(Work required) Output each record verbatim, with pictures left out.

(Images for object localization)
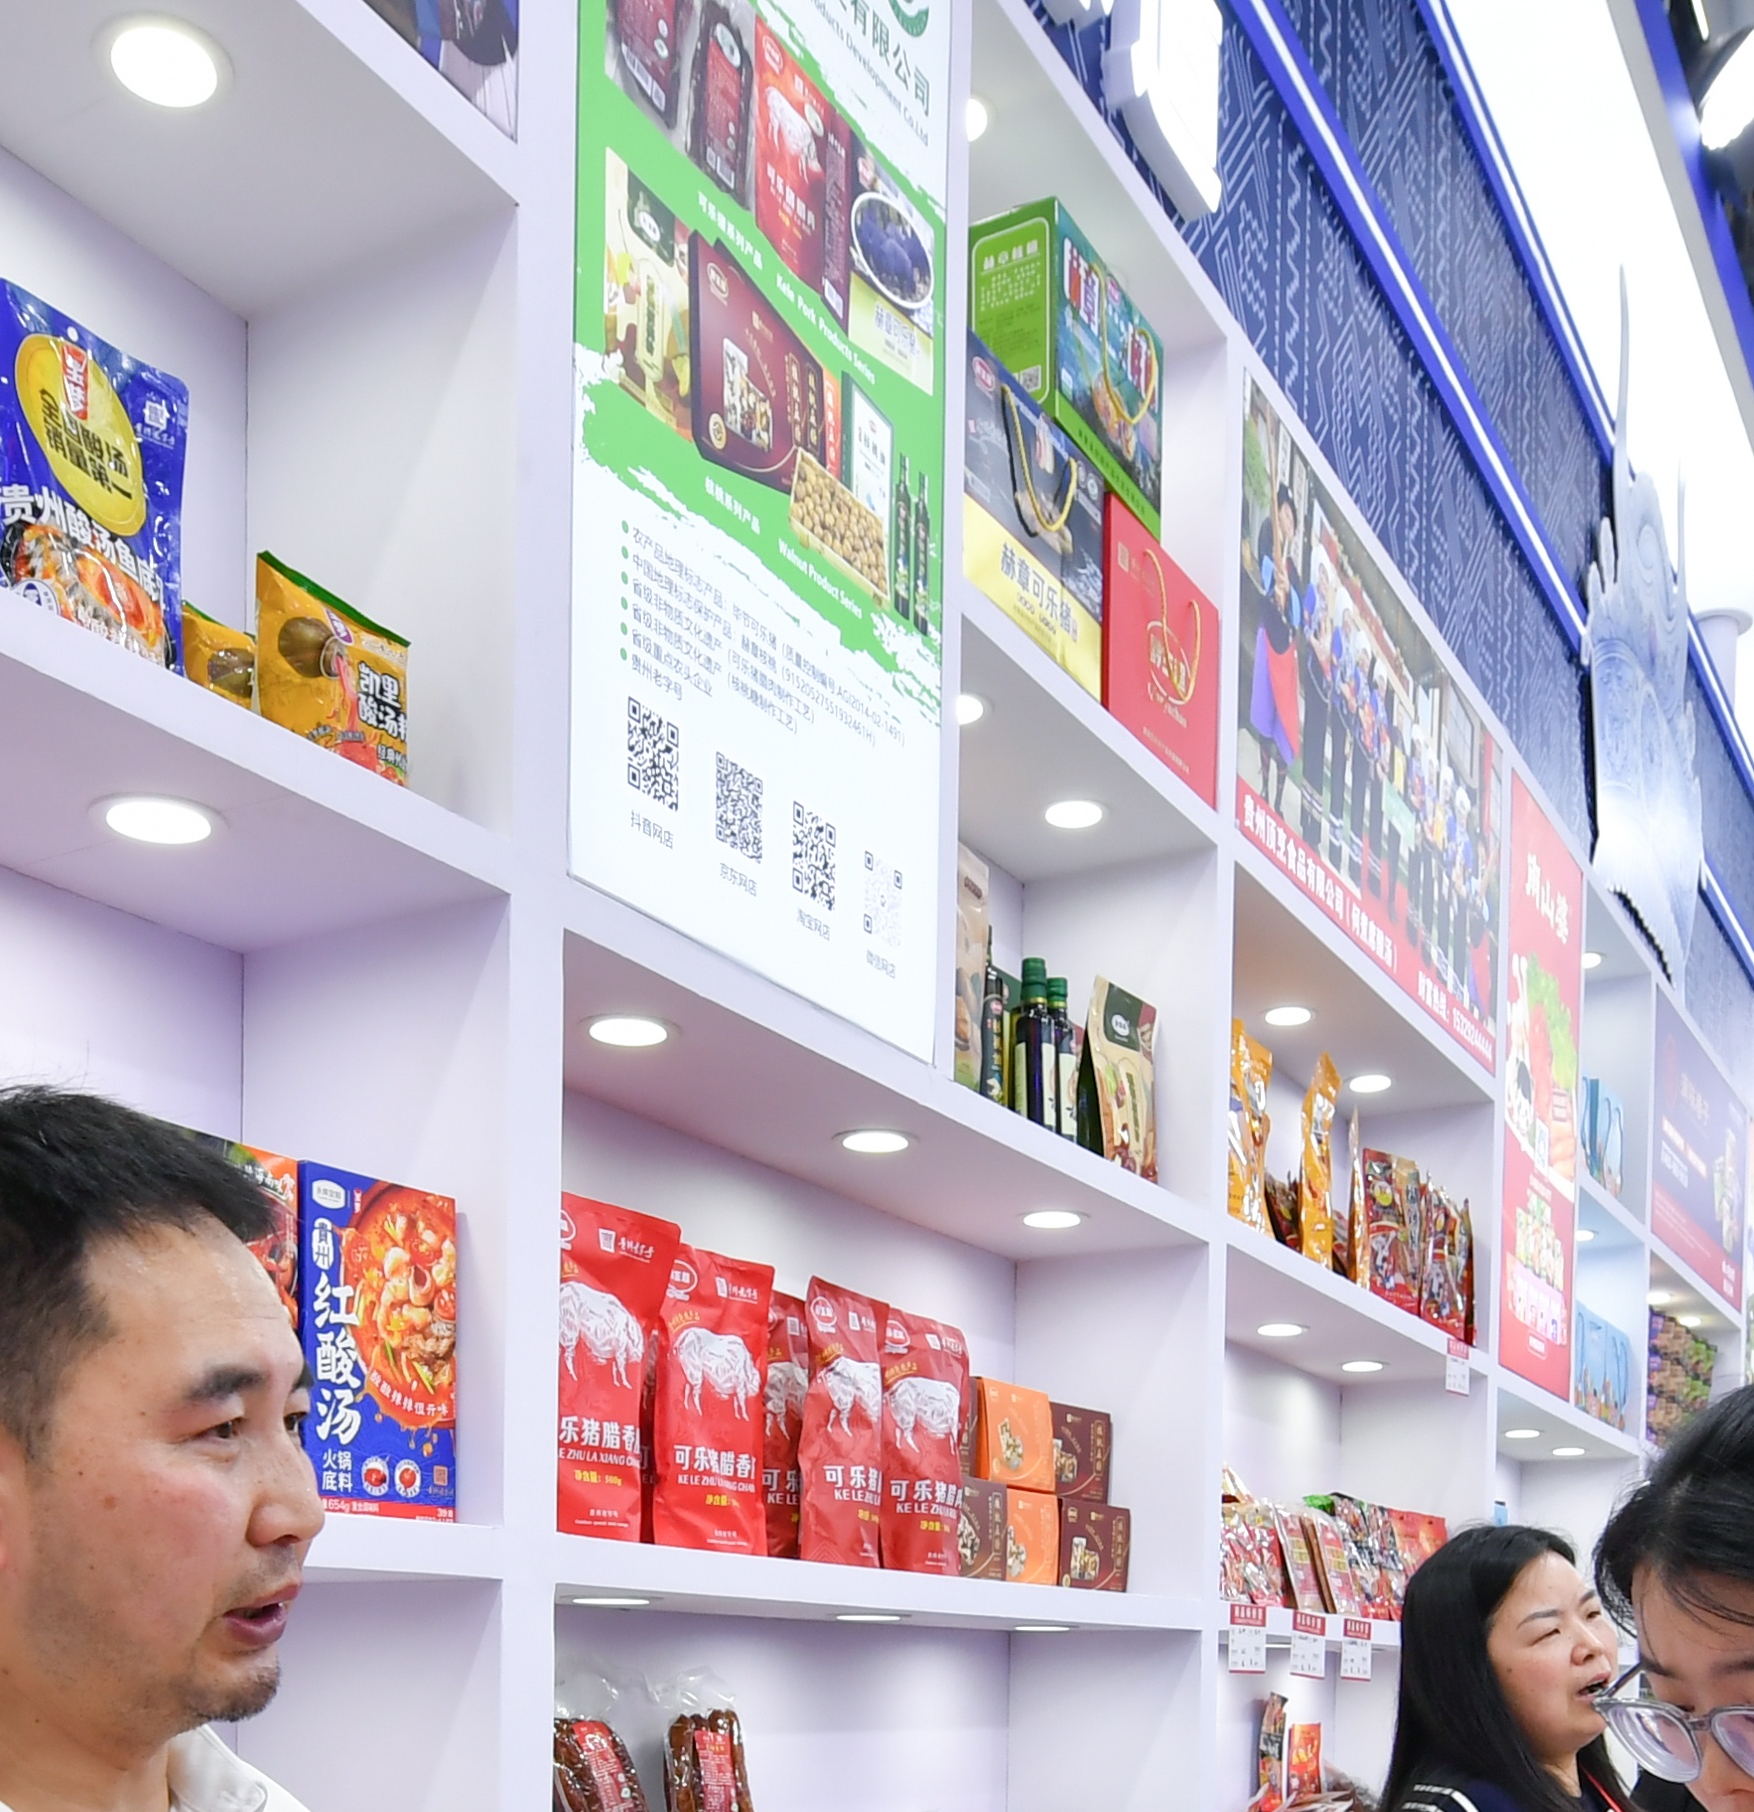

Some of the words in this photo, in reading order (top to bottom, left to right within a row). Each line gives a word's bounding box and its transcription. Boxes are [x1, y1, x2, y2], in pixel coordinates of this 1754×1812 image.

[41, 388, 128, 477] 全国酸汤
[45, 427, 133, 500] 销量第一
[1000, 543, 1074, 638] 赫章可乐猪
[630, 810, 674, 849] 抖音网店
[719, 863, 757, 897] 京东网店
[314, 1271, 361, 1445] 红酸汤
[322, 1448, 352, 1471] 火锅
[322, 1470, 352, 1493] 底料
[823, 1465, 882, 1494] 可乐猪
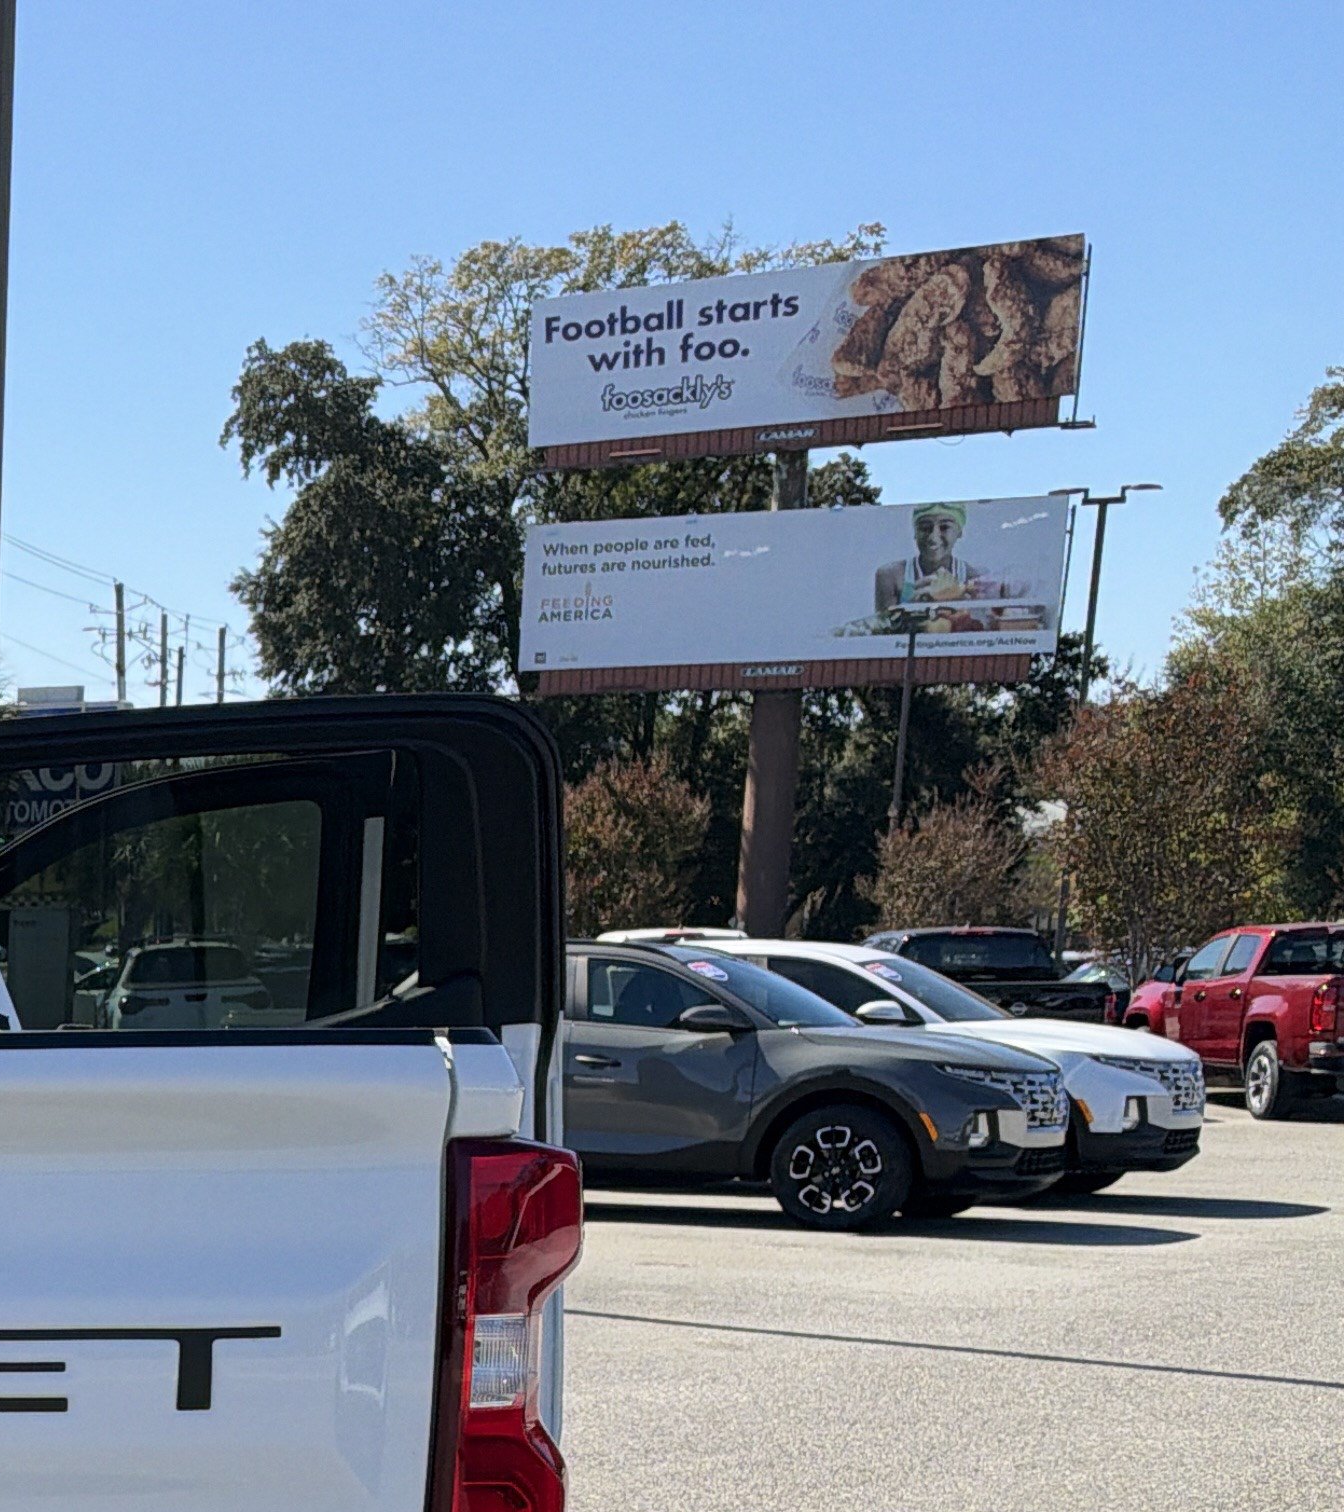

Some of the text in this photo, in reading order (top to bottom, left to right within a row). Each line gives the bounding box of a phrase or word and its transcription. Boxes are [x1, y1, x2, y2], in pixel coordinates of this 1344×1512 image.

[545, 299, 684, 343] Football
[698, 293, 799, 326] starts
[588, 333, 751, 372] with foo.
[601, 374, 732, 412] foosackly's
[543, 533, 716, 557] When people are fed,
[542, 553, 715, 576] futures are nourished.
[541, 594, 613, 610] FEEDING
[538, 608, 613, 623] AMERICA
[895, 637, 1036, 649] FeingAmerica.org/ActNow

(Answer box)
Some of the words in this photo, in reading order (top to bottom, left to right within a row). Each line gives a word's bounding box and its transcription. Boxes are [x1, y1, x2, y2], in pixel coordinates of this 1754×1812 image.

[41, 388, 128, 477] 全国酸汤
[45, 427, 133, 500] 销量第一
[1000, 543, 1074, 638] 赫章可乐猪
[630, 810, 674, 849] 抖音网店
[719, 863, 757, 897] 京东网店
[314, 1271, 361, 1445] 红酸汤
[322, 1448, 352, 1471] 火锅
[322, 1470, 352, 1493] 底料
[823, 1465, 882, 1494] 可乐猪

Some of the text in this photo, in reading order (top to bottom, left to right within a row). Each line gives the bounding box of a phrase or word and its transcription. Boxes are [x1, y1, x2, y2], in pixel coordinates of this 1344×1512 image.

[545, 299, 684, 343] Football
[698, 293, 799, 326] starts
[588, 333, 751, 372] with foo.
[601, 374, 732, 412] foosackly's
[543, 533, 716, 557] When people are fed,
[542, 553, 715, 576] futures are nourished.
[541, 594, 613, 610] FEEDING
[538, 608, 613, 623] AMERICA
[895, 637, 1036, 649] FeingAmerica.org/ActNow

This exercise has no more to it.